Suki is an associate professor of biomedical engineering at the College of Engineering, but news of his research never traveled across campus to O’Connor until they met in Washington.
Now, O’Connor is trying to identify the potential for similarly valuable collaborations, whose genesis need not be dependent on chance. He is one of two newly appointed University “site miners,” faculty members who will devote 20 percent of their professional time to identifying and cultivating research partnerships between engineers and clinicians that are intended to help translate promising technologies into better patient care. Mark Grinstaff, an ENG associate biomedical engineering professor and College of Arts and Sciences associate chemistry professor, is the other new site miner.
“The job of the site miners is to sift through the various projects and expertise ongoing at each campus, to try and mine the gems that have some sort of natural affinity for one another,” says Mark Klempner, a MED professor and the associate provost for research at the Medical Campus, which along with the College of Engineering and the Office of Technology Development is funding the positions. Every two years, an administrative committee will appoint one clinical site miner from the Medical Campus and one engineering site miner from the Charles River Campus.
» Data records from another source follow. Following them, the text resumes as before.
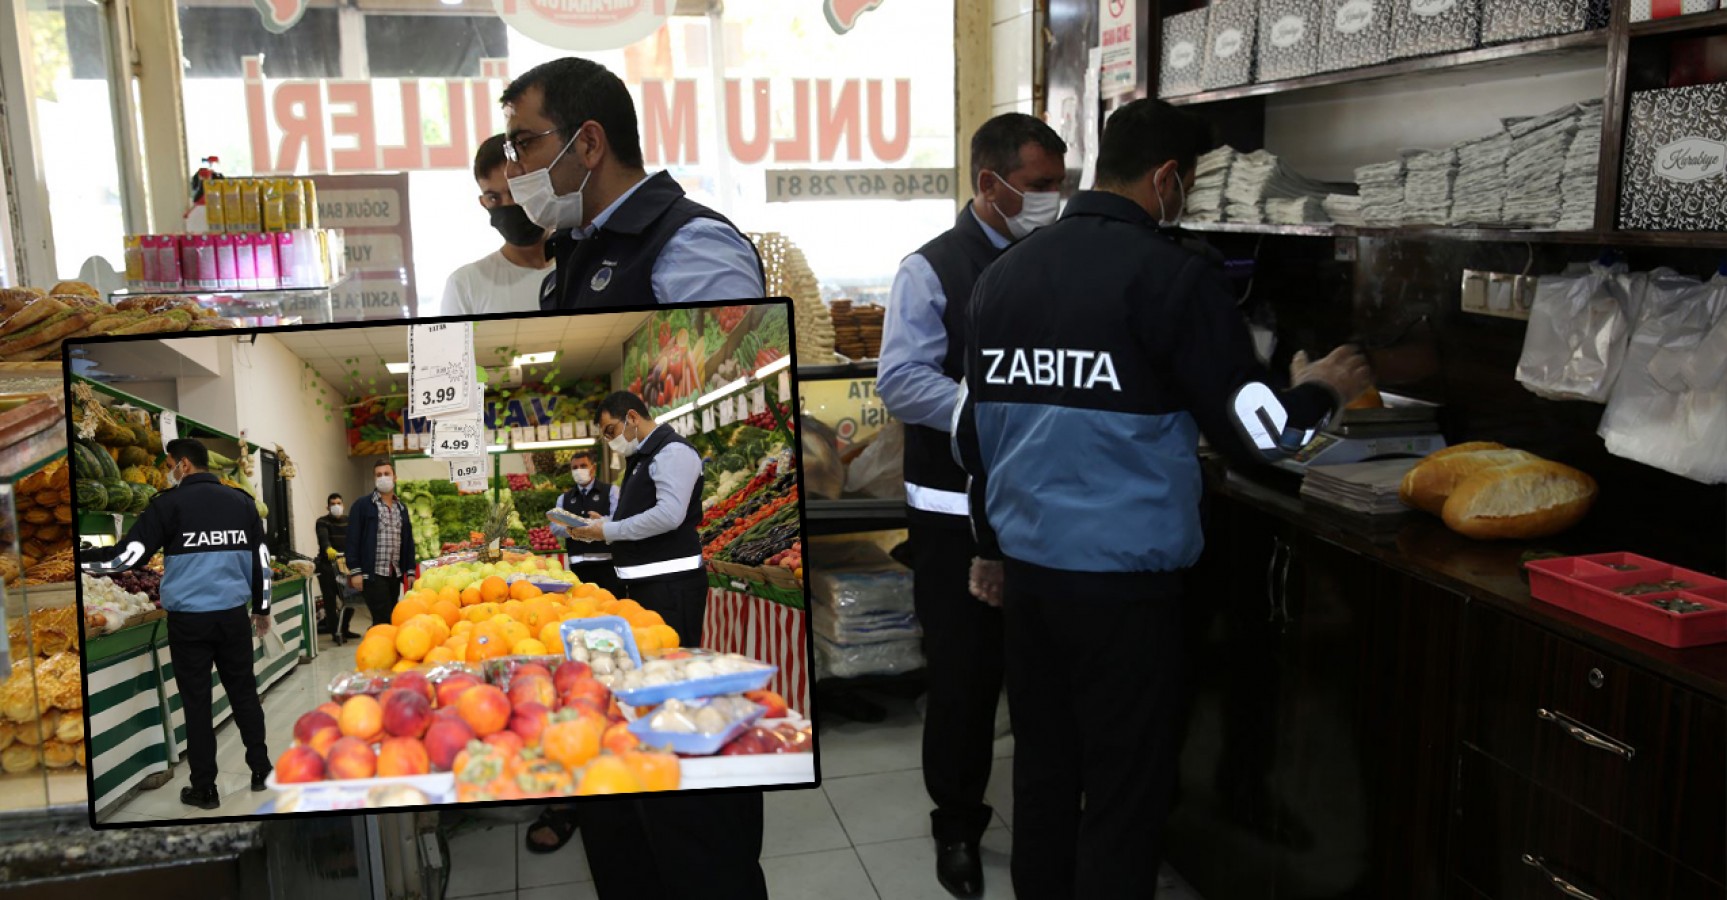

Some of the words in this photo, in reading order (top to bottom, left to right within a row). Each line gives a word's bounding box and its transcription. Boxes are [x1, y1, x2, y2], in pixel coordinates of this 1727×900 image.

[1662, 147, 1719, 171] Kurabiye
[982, 348, 1122, 393] ZABITA
[422, 387, 455, 405] 3.99
[402, 396, 559, 435] MNAV
[440, 440, 469, 450] 4.99
[457, 466, 478, 477] 0.99
[182, 529, 248, 548] ZABITA
“I think there’s a tremendous opportunity, because of the resources that are here, both in engineering and the medical school,” says Grinstaff, who researches synthesized biomaterials with uses ranging from sealing eye wounds to delivering cancer drugs.
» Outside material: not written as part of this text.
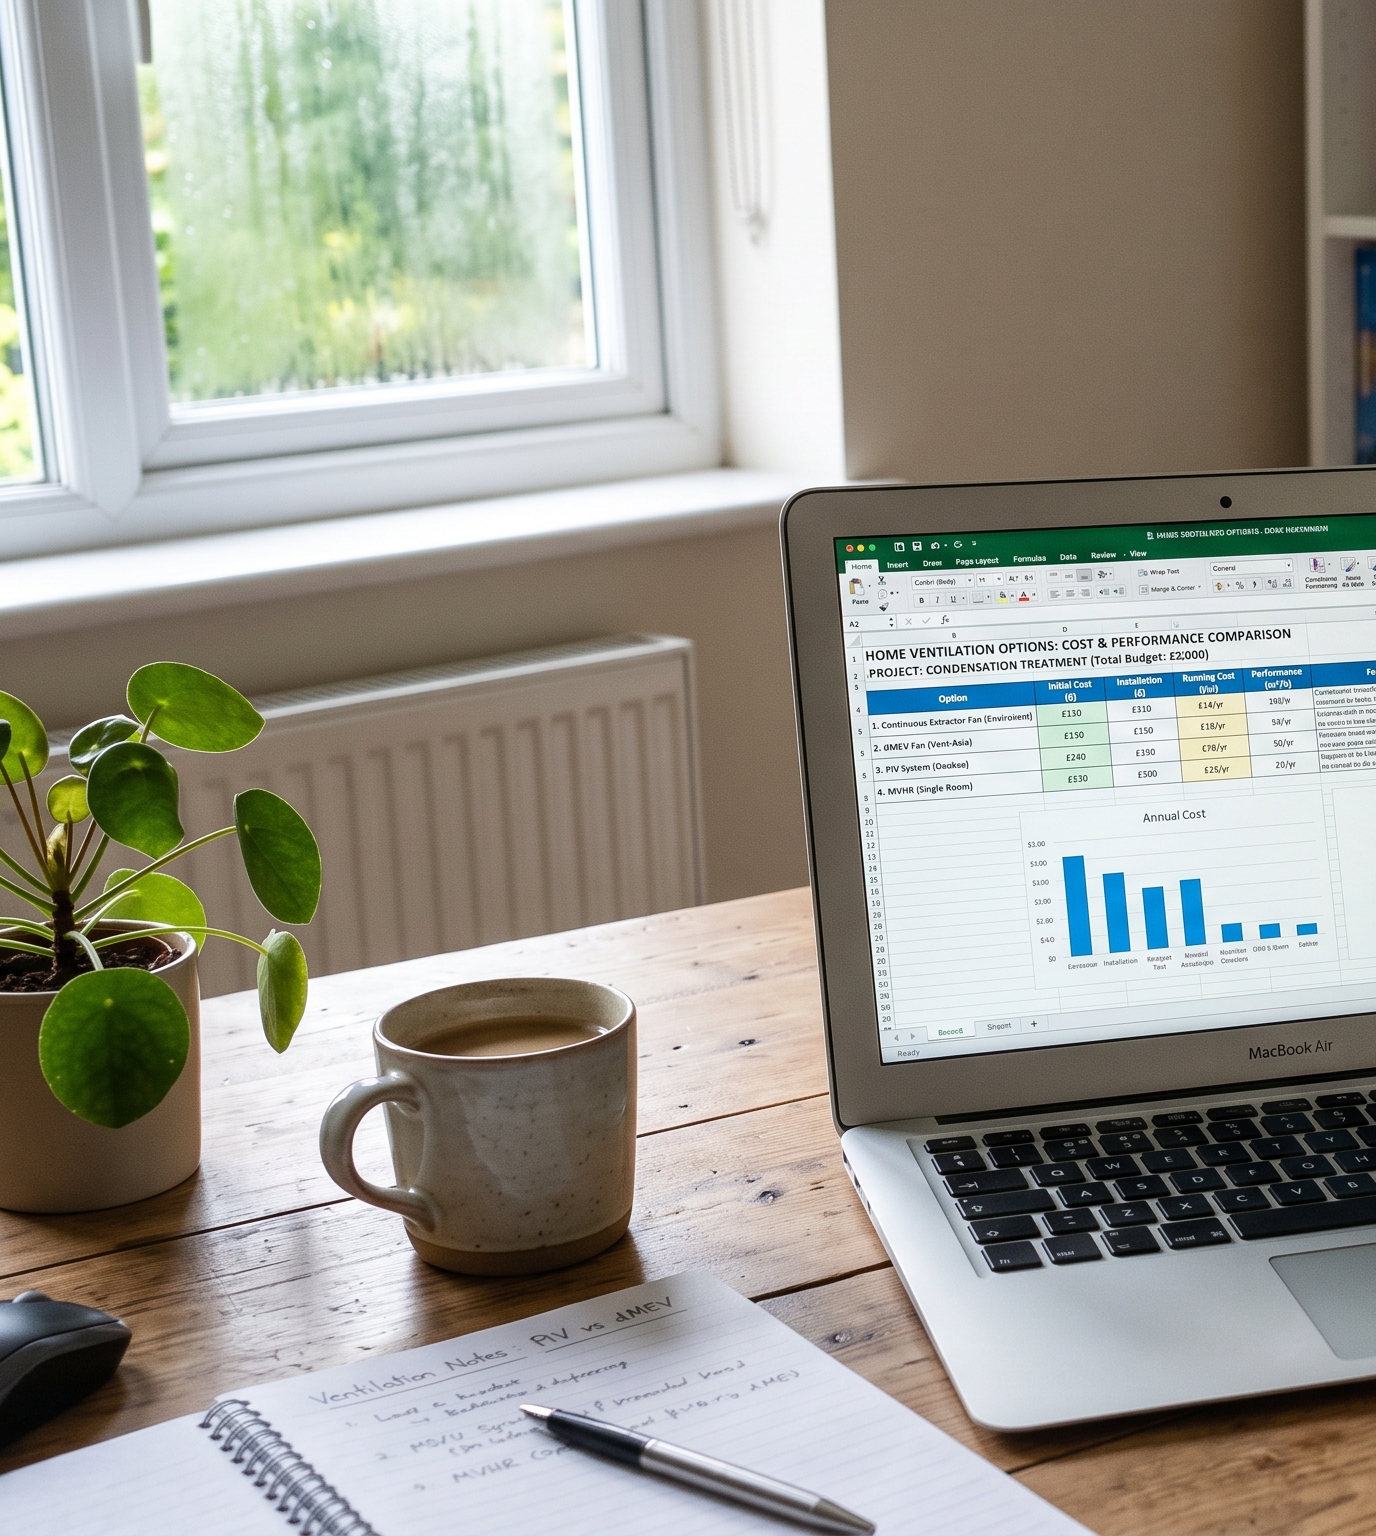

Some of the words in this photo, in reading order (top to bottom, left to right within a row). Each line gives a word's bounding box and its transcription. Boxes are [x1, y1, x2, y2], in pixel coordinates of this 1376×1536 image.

Grinstaff and O’Connor are scientific matchmakers who will seek out the technologies that hold the most promise for improving health-care practice and vice versa, looking into clinical challenges that might have technology-based solutions. They’ll meet with each other to discuss what they’ve found, and they’ll arrange meetings where potential collaborations can be discussed and critiqued by the engineers and clinicians themselves.
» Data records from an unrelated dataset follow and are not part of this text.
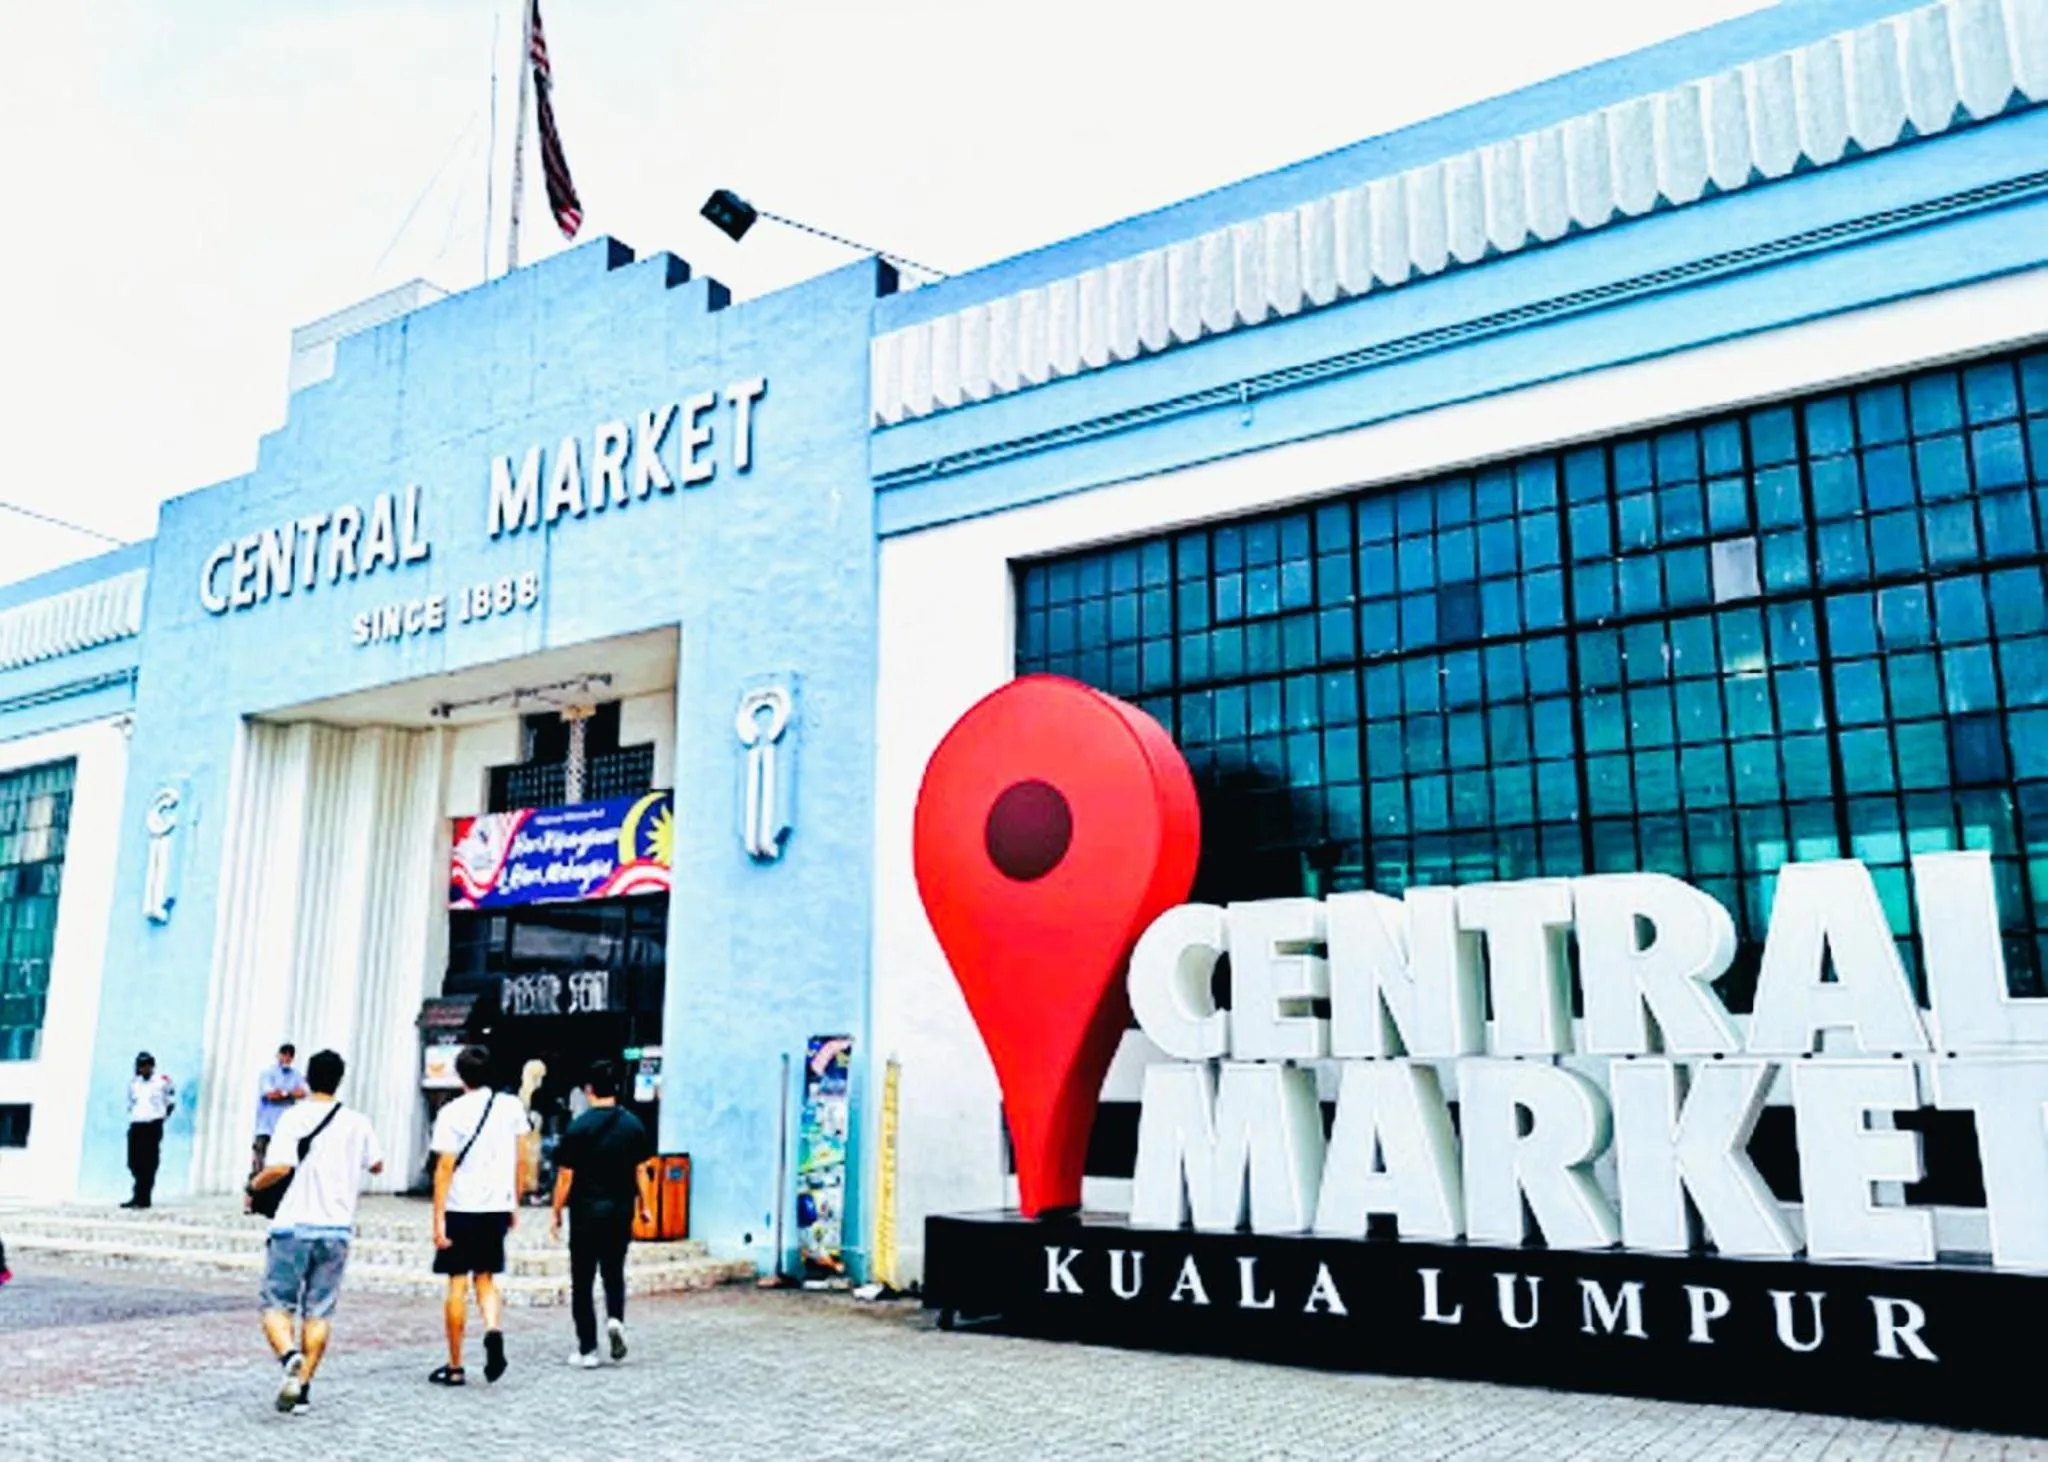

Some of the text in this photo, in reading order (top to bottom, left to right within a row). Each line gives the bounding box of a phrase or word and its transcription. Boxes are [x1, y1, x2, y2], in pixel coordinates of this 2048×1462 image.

[200, 377, 767, 614] CENTRAL MARKET
[351, 570, 539, 646] SINCE 1888
[1127, 849, 2048, 1060] CENTRAL
[1130, 1058, 2048, 1270] MARKET
[1044, 1245, 1940, 1364] KUALA LUMPUR
But the site miners’ work will not end there. “It’s not just about identifying innovative ideas,” explains Kenneth Lutchen, an ENG professor and biomedical engineering department chairman. After promising matches are made, the site miners will help researchers apply for grants needed for further research such as making prototypes that could be used in human trials.
Lutchen says the site miners are part of ongoing, University-wide efforts to “help move innovation from the lab to the bedside.” These efforts were recently given a boost by the Wallace H. Coulter Foundation, which awarded Boston University a five-year, $2.9 million grant to foster translational research in biomedical engineering, the funding source that O’Connor and Suki hope will help fund human trials of the mechanical ventilation system.
“There is a lot of potential that just wasn’t being tapped,” says O’Connor, who adds that the separation between the two campuses made it easy to overlook the possibilities for collaboration. “They’re over there, and we’re over here, and we weren’t really aware of what everybody was up to.”
Nevertheless, the human connections are just as important as money when it comes to finding technology that can improve patient care, says Ashley Stevens, director of the Office of Technology Development. Stevens says that about two thirds of the inventions that his office works to license and bring to market originate from either the Medical Campus or the College of Engineering. He even gives the Boston University Shuttle (the BUS) some credit for bridging those two sources of innovation since it began running more frequently and reliably in the fall of 2004.
“It’s such a people process,” Stevens says, and that’s where Grinstaff and O’Connor think they’ll have the biggest impact.
“I think for many of these problems [of advancing patient care] you need to have a combination of strengths from multiple areas. That’s what makes translational research exciting,” says Grinstaff.